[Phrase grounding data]
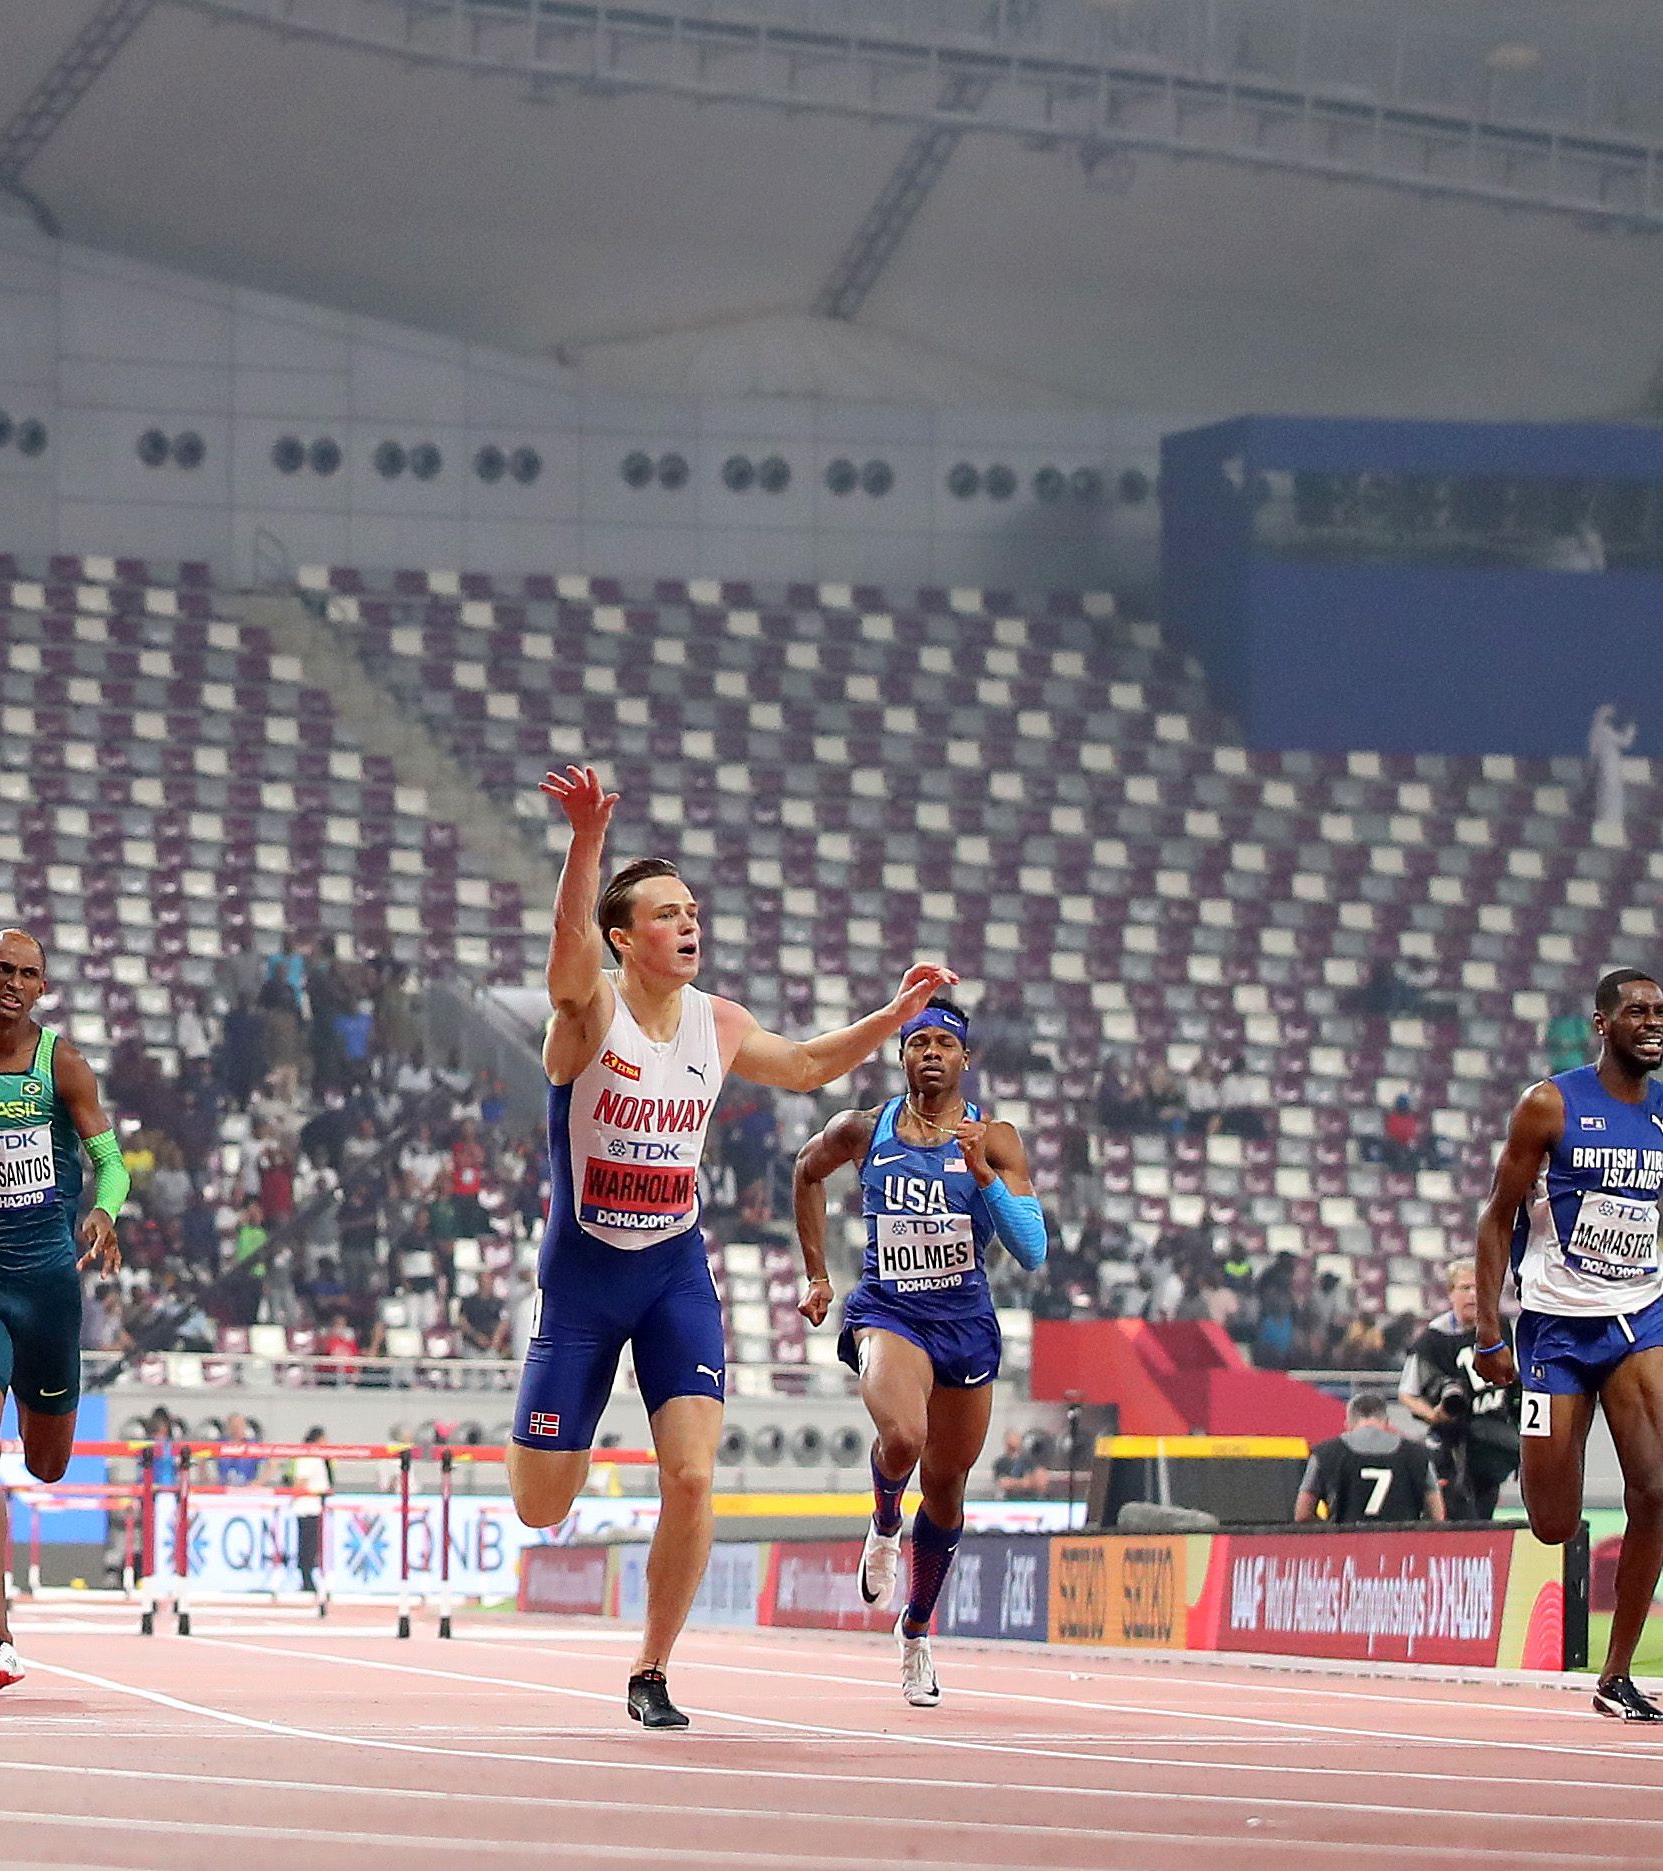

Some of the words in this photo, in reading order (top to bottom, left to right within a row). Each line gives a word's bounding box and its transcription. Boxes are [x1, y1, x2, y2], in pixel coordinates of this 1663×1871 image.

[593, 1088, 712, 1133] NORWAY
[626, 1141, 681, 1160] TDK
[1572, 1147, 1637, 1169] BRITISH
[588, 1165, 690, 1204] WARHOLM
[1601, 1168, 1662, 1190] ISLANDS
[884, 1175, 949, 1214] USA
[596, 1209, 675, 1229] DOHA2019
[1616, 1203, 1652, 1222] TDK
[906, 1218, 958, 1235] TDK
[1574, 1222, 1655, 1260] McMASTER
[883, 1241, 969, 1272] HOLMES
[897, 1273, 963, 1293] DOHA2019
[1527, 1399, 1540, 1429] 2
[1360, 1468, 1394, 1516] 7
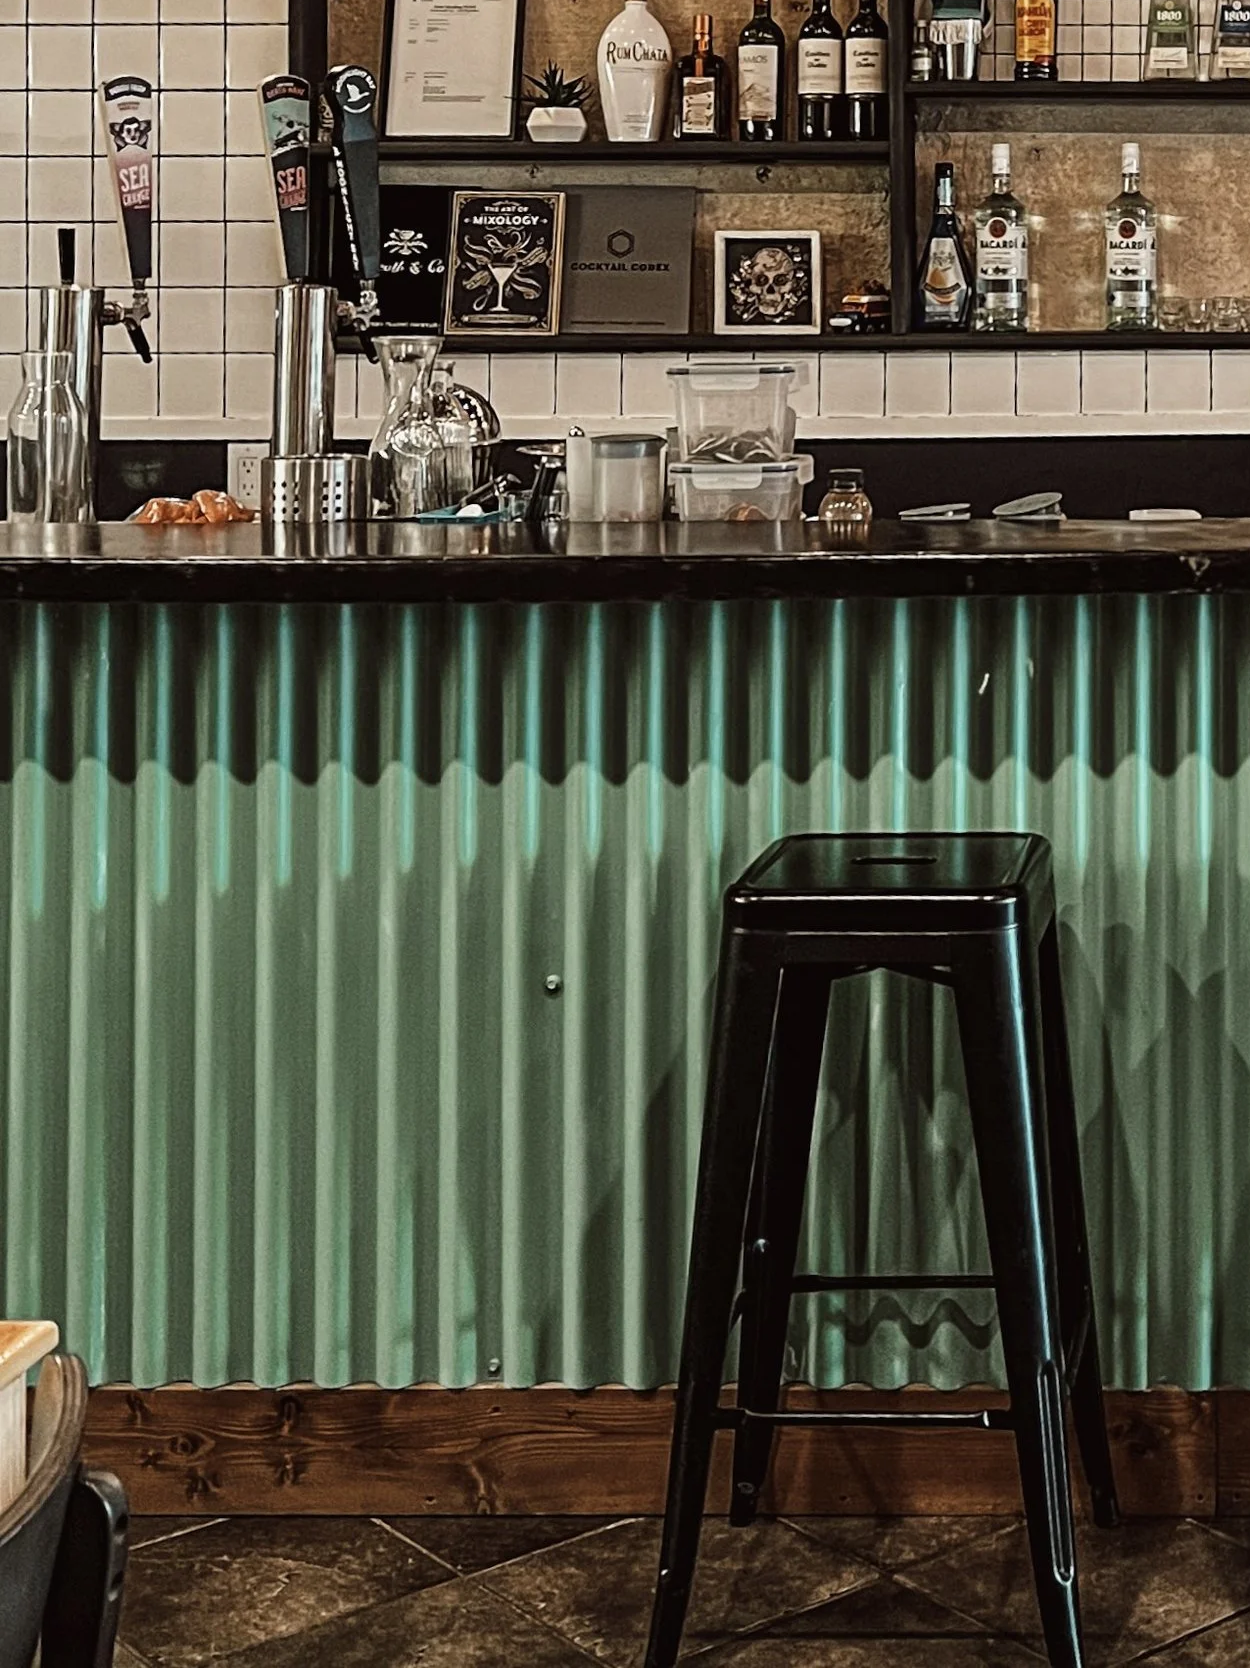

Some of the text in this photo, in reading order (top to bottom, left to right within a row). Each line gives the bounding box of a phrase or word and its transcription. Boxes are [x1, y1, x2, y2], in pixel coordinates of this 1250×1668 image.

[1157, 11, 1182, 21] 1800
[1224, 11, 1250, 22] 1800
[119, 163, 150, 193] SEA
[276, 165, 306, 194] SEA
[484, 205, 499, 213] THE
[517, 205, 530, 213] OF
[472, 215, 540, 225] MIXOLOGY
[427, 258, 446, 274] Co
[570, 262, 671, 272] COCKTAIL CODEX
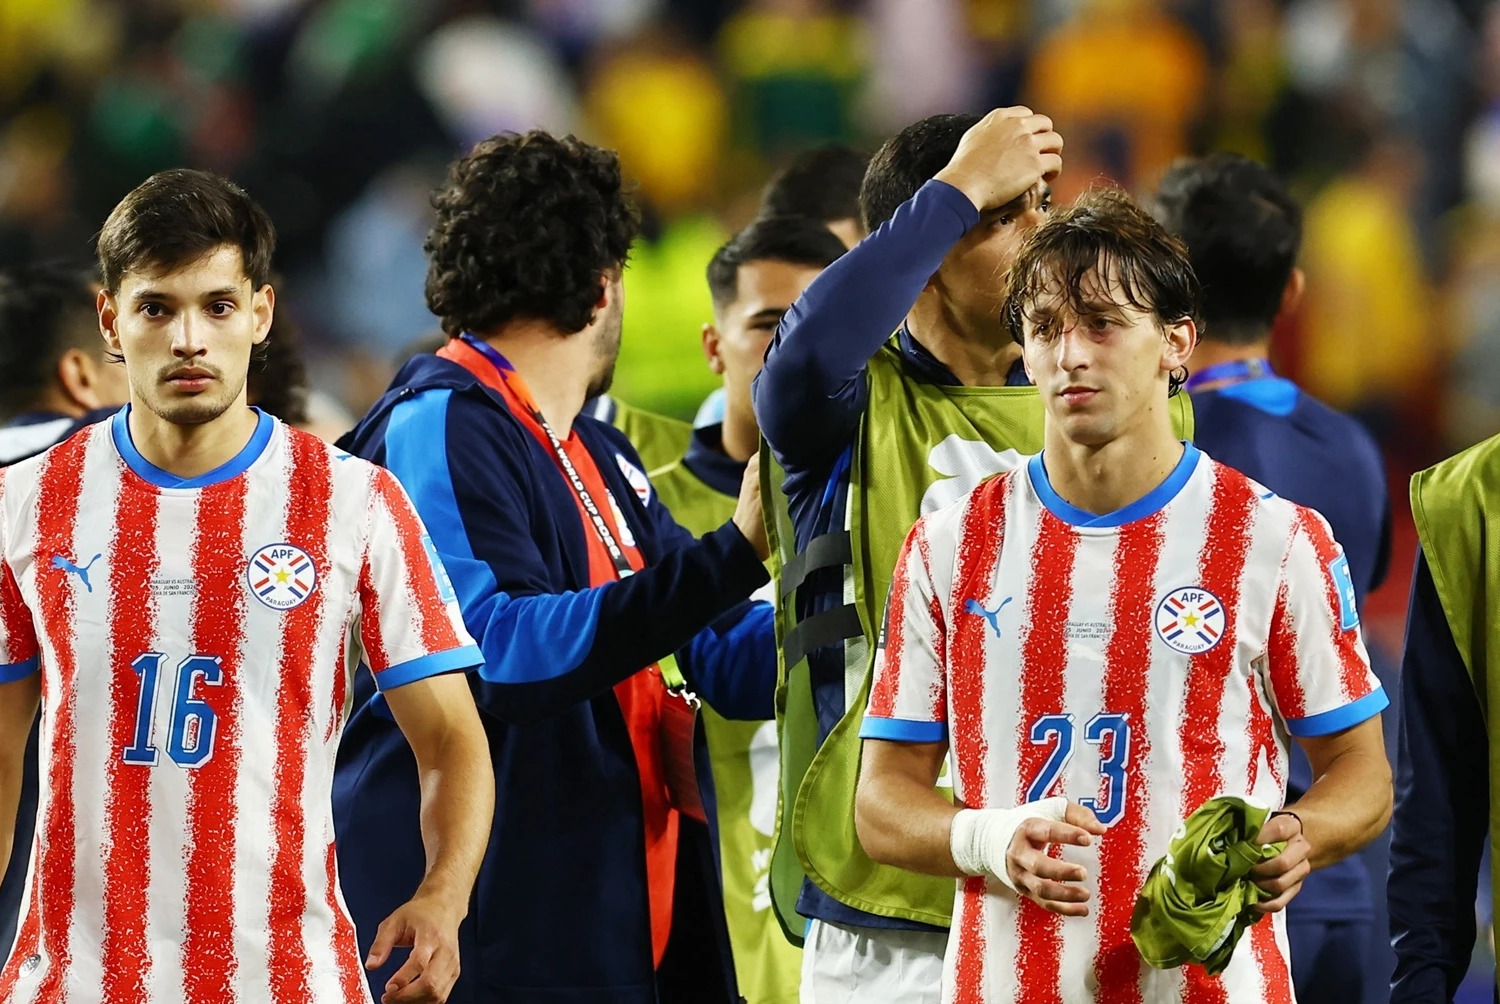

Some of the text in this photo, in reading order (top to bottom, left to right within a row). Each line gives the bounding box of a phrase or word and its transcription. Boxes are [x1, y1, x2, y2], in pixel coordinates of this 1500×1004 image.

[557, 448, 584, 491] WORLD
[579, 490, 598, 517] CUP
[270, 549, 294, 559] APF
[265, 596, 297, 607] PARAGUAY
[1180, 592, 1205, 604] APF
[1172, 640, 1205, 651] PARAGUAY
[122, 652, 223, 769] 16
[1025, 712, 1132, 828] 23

▶ **Task details**
The range begins at the line containing "this 1500×1004 image." and ends at the last line of the entries; reproduce it exactly.

▶ **Output of the exercise**
Some of the text in this photo, in reading order (top to bottom, left to right within a row). Each line gives the bounding box of a phrase or word and its transcription. Boxes are [x1, y1, x2, y2], in pixel coordinates of this 1500×1004 image.

[557, 448, 584, 491] WORLD
[579, 490, 598, 517] CUP
[270, 549, 294, 559] APF
[265, 596, 297, 607] PARAGUAY
[1180, 592, 1205, 604] APF
[1172, 640, 1205, 651] PARAGUAY
[122, 652, 223, 769] 16
[1025, 712, 1132, 828] 23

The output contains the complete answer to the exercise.